Campbell stood, terrified, in the hall, listening to the invaders on the other side of a locked door. He remembered the moment last June when he was hit on the head by other ruling party thugs and knocked out cold. He knew he couldn't survive another beating.
"I decided I was going to shoot anyone who came through that door. I said, 'Look, if you come through that door, I'll shoot you. You'll be a dead duck.' Otherwise they'll hit you on the head and you're dead."
The couple radioed their family, who live on the neighboring homestead. Their son-in-law, Ben Freeth, and a friend crept through the garden to the other side of the house, where Angela Campbell let them in.

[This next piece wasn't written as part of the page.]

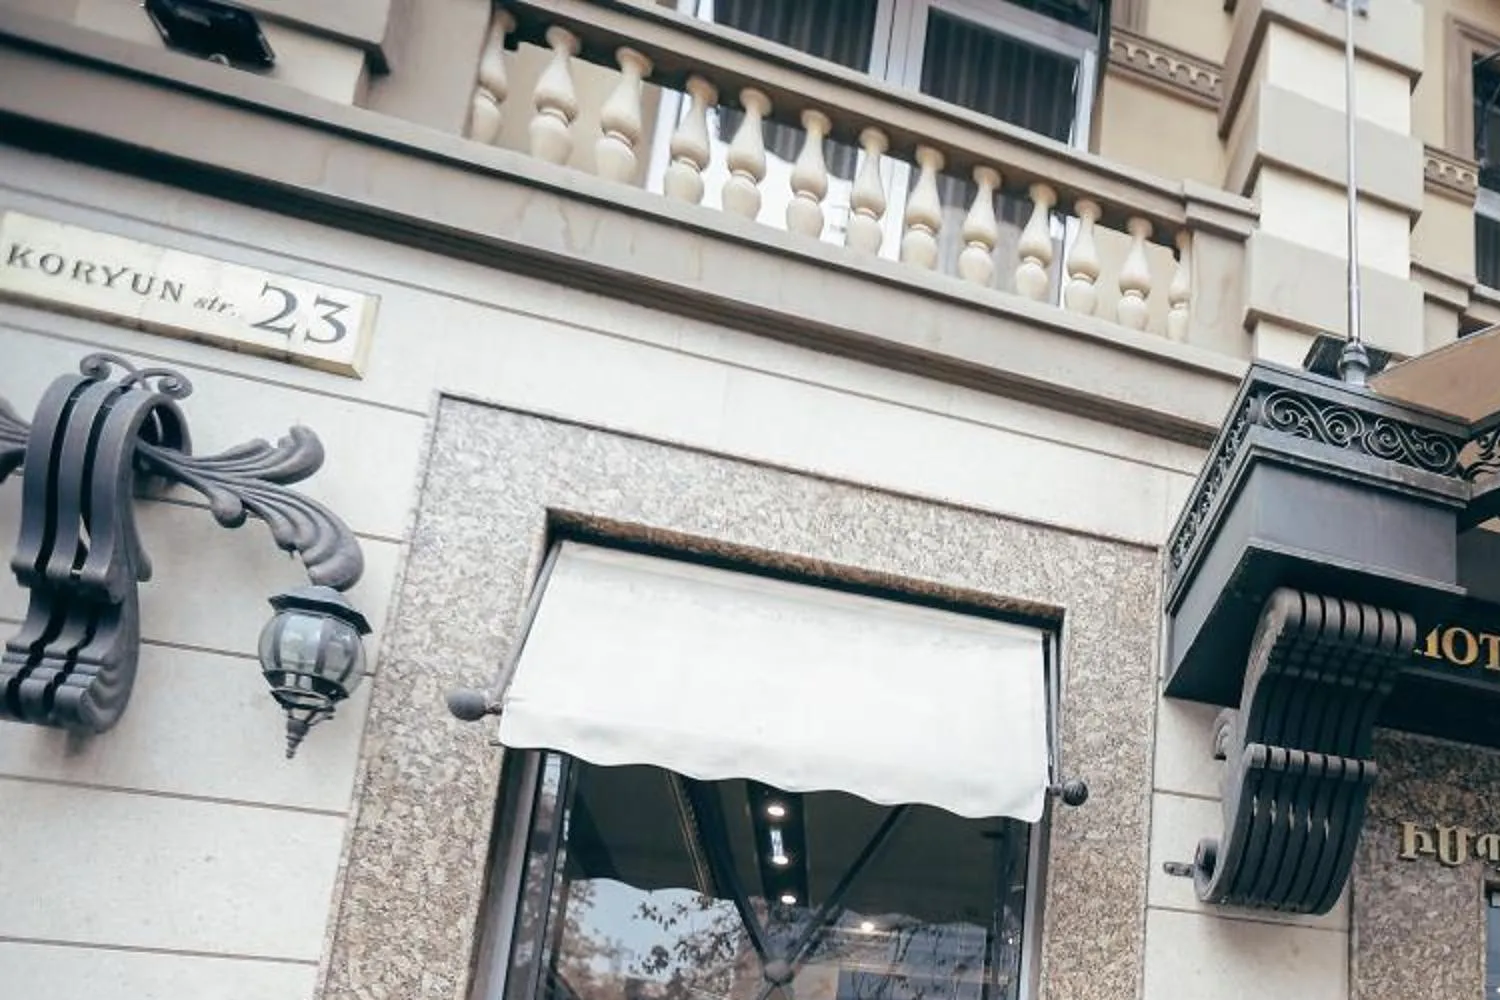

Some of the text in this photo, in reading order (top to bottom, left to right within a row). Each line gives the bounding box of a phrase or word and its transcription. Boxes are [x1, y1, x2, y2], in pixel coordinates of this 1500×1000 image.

"Once they realized we had reinforcements, they backed off," she says. Police initially refused to come, but eventually arrived about 4 a.m., warned the invaders to be quiet and left.
Late the next afternoon the Campbells returned from lunch at their daughter's neighboring house. The thugs surrounded the house, shouting threats and firing pellet guns.
"Just as it was getting dark they started to become very threatening," Angela Campbell says. "The threats became worse and worse. They built a huge fire near the house."
Family and friends came over to help defend the farm. But because Mike Campbell was such a target for arrest, the family decided that he and Angela should leave until things settled down. They feared he would not survive a jail stint, and farmers, especially ones involved in the SADC appeal, recently have been arrested and jailed for being on their own farms.
At first, Campbell resisted.
"I have always agreed with the theory that if you are seen to move, that's the end," he says. "But they were so threatening, and we'd been beaten up nine months before.
"I don't know what I was thinking. I thought it would just be for one night or two nights."
But a few days went by. And then a few days more.
The realization crept up like a cat padding silently into a room. If Campbell was right, if possession really was nine-tenths of the law, then after years of struggle and resistance, they had finally lost the farm.
Visiting Freeth's house, I take an evening walk with him to the edge of Mount Carmel farm. A tractor putters, harvesting the last of the Campbell's $600,000 mango crop. Youths mill about.
But when they see us on the border of the land, they shout furiously and give chase.
"Come here!" one orders. "Come here! I'll shoot you! I'll cut your neck." We leave, steadily walking back to Freeth's house. I follow Freeth, trying not to break into a run.
The farmer and his wife cannot get close to the eight cows and their calves, who rely on them and their workers to fill the water trough. No one knows the fate of Angela's two cats. No one knows how the old horse Ginger is doing.
"He won't make it through the winter," Campbell says gruffly.
Campbell has not given up. Not yet. But he's close.
"But Mike is a pessimist, by nature," Angela says softly. "I'm optimistic."